Data items
-- Opening Marker --

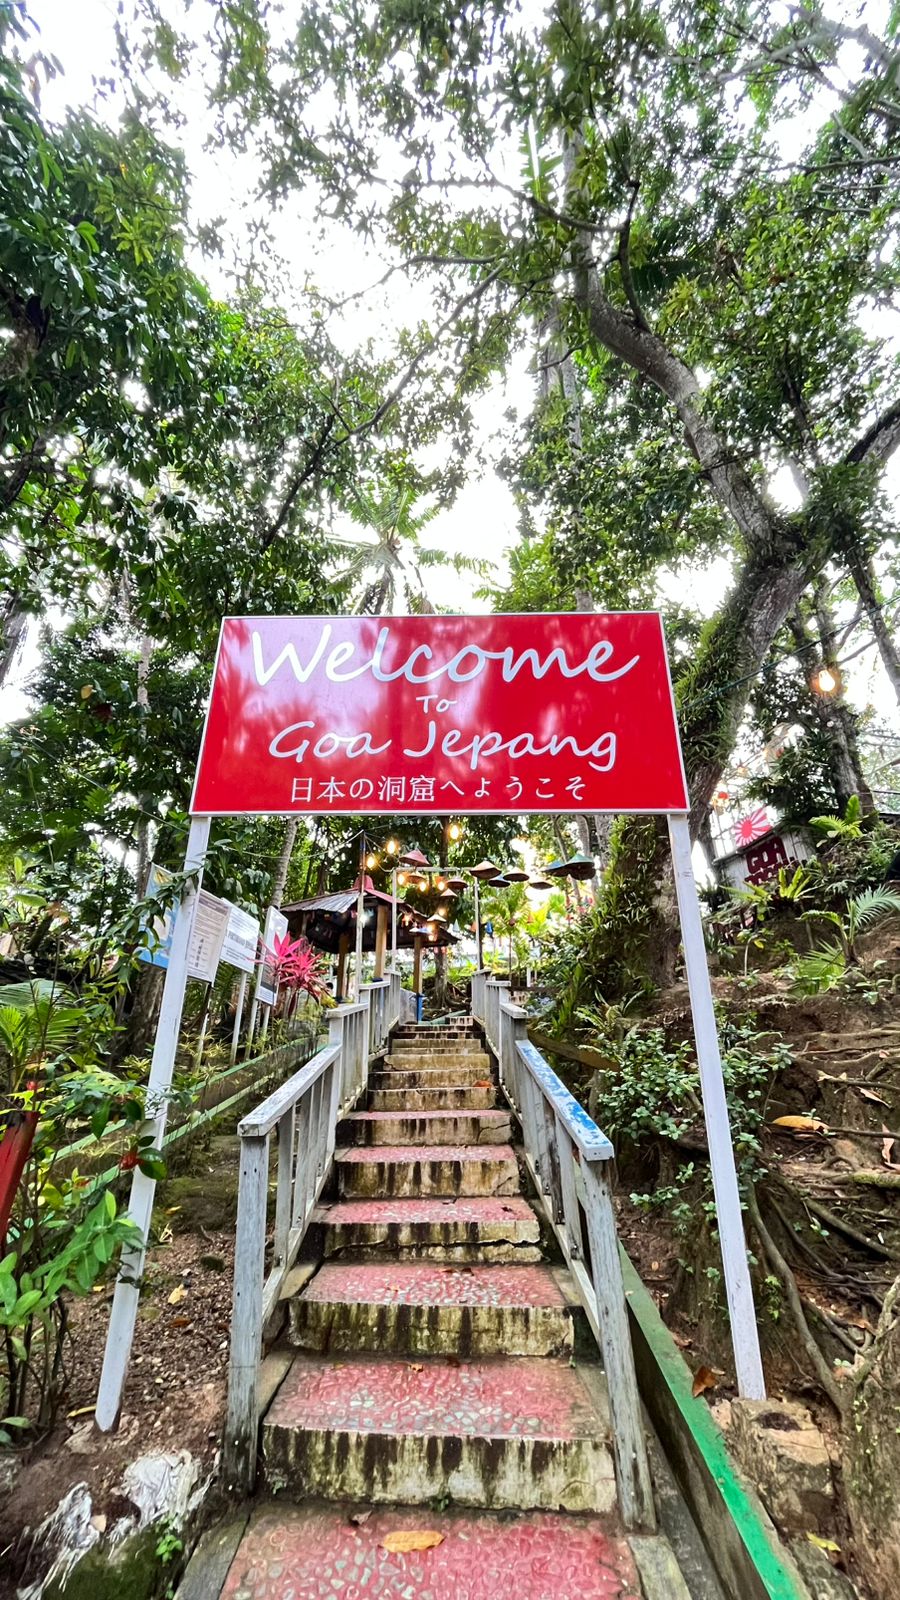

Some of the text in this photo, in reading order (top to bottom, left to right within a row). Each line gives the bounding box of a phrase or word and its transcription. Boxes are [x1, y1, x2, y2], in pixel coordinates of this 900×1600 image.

[252, 624, 640, 686] Welcome
[416, 694, 458, 714] To
[268, 720, 617, 773] Goa Jepang
[290, 775, 587, 803] 日本の洞窟へようこそ
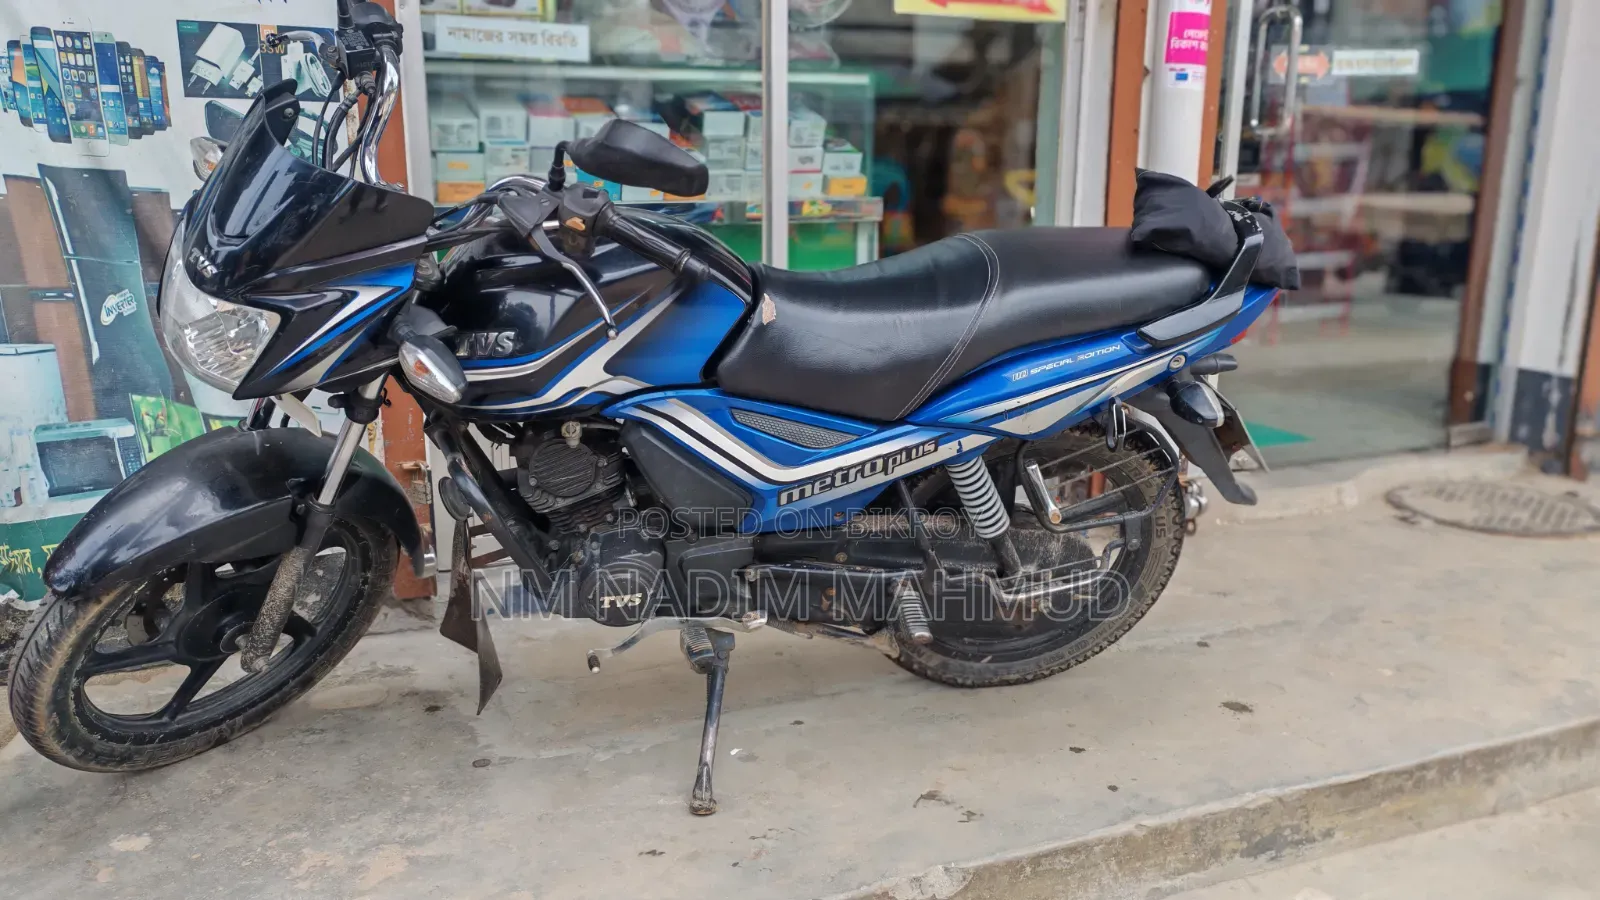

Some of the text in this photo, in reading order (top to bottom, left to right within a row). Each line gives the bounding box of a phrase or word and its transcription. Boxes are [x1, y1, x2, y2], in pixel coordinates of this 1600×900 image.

[447, 26, 504, 44] নামাজের
[541, 28, 579, 48] বিরতি
[189, 246, 218, 279] TVS
[456, 331, 516, 357] TVS
[1030, 357, 1075, 376] SPECIAL
[599, 592, 643, 609] TVS
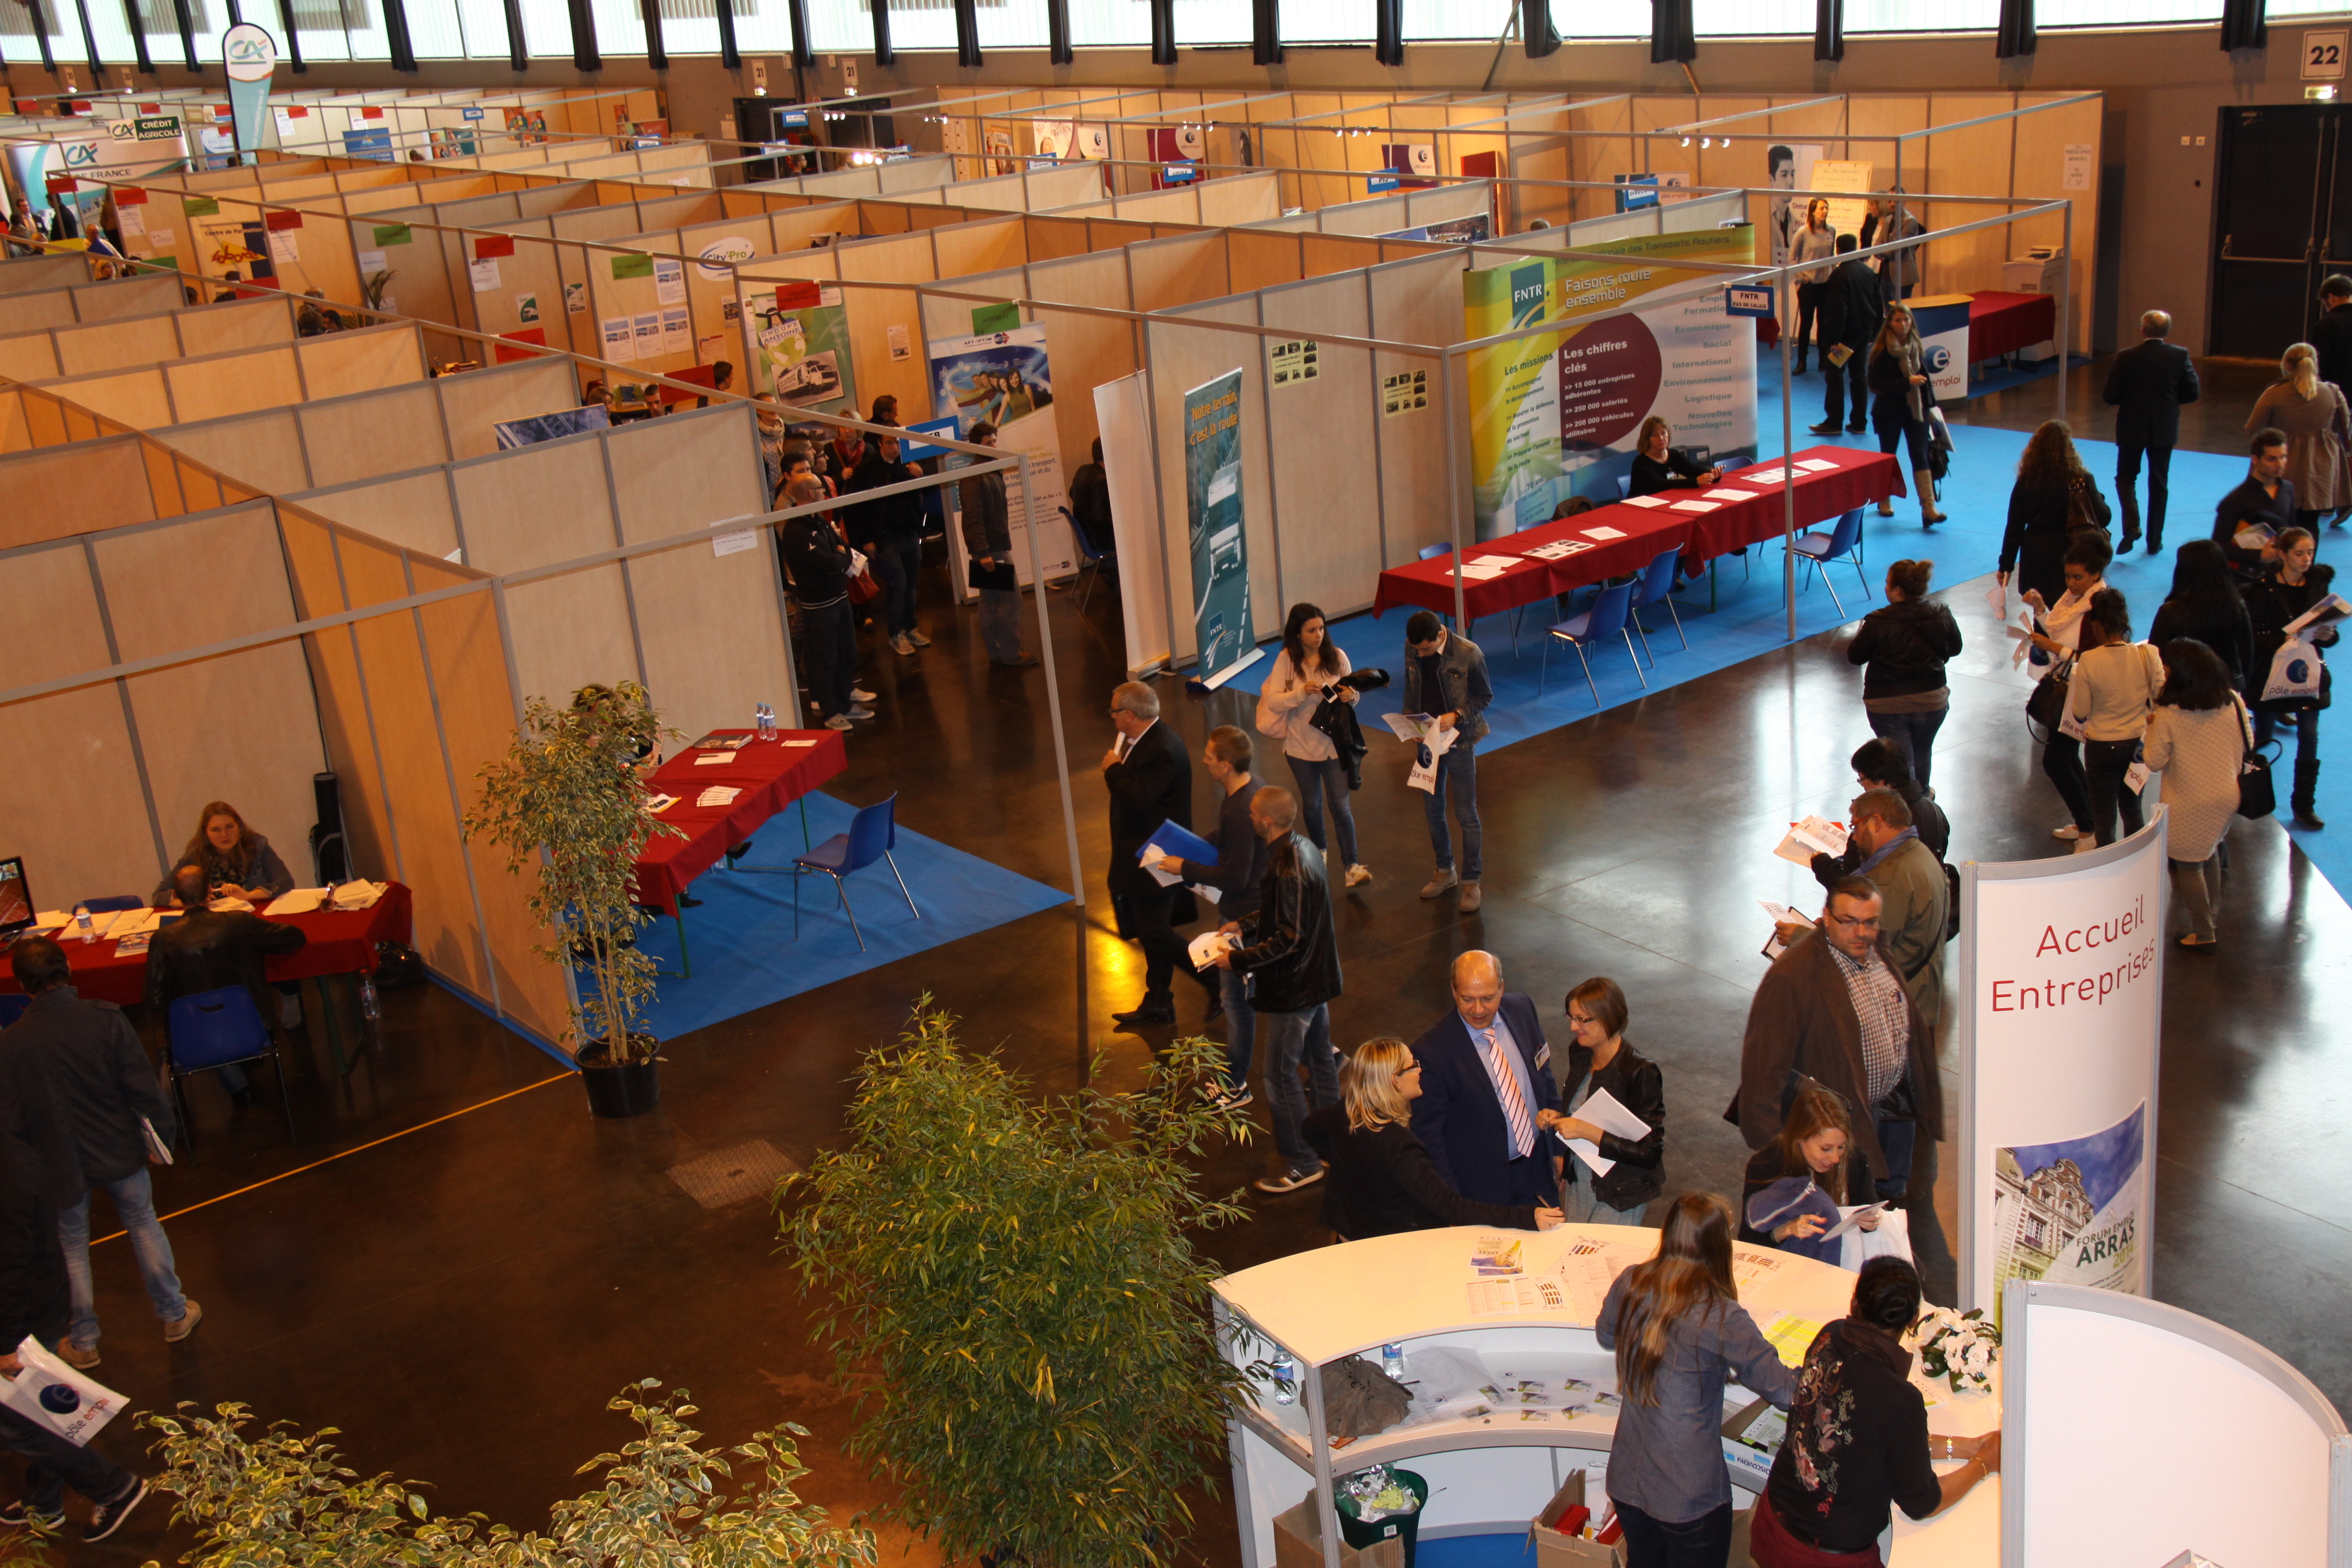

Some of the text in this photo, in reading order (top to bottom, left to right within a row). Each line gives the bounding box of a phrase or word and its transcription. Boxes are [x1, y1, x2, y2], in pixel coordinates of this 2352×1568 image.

-- Closing Marker --

» **WHAT TO DO**: Once the pictures are set aside, write out the entries verbatim.

» **ANSWER TO THIS PROBLEM**:
Some of the text in this photo, in reading order (top to bottom, left to right within a row). Each line gives the bounding box of a phrase or word and its transcription. Boxes are [x1, y1, x2, y2], in pixel coordinates of this 900×1600 image.

[252, 624, 640, 686] Welcome
[416, 694, 458, 714] To
[268, 720, 617, 773] Goa Jepang
[290, 775, 587, 803] 日本の洞窟へようこそ

Some of the text in this photo, in reading order (top to bottom, left to right within a row). Each line gives the bounding box of a phrase or word and its transcription. Boxes are [x1, y1, x2, y2], in pixel coordinates of this 1600×900 image.

[447, 26, 504, 44] নামাজের
[541, 28, 579, 48] বিরতি
[189, 246, 218, 279] TVS
[456, 331, 516, 357] TVS
[1030, 357, 1075, 376] SPECIAL
[599, 592, 643, 609] TVS

Some of the text in this photo, in reading order (top to bottom, left to right within a row). Each line gives the bounding box of a phrase or word and its transcription. Boxes are [x1, y1, x2, y2], in pixel coordinates of this 2352×1568 image.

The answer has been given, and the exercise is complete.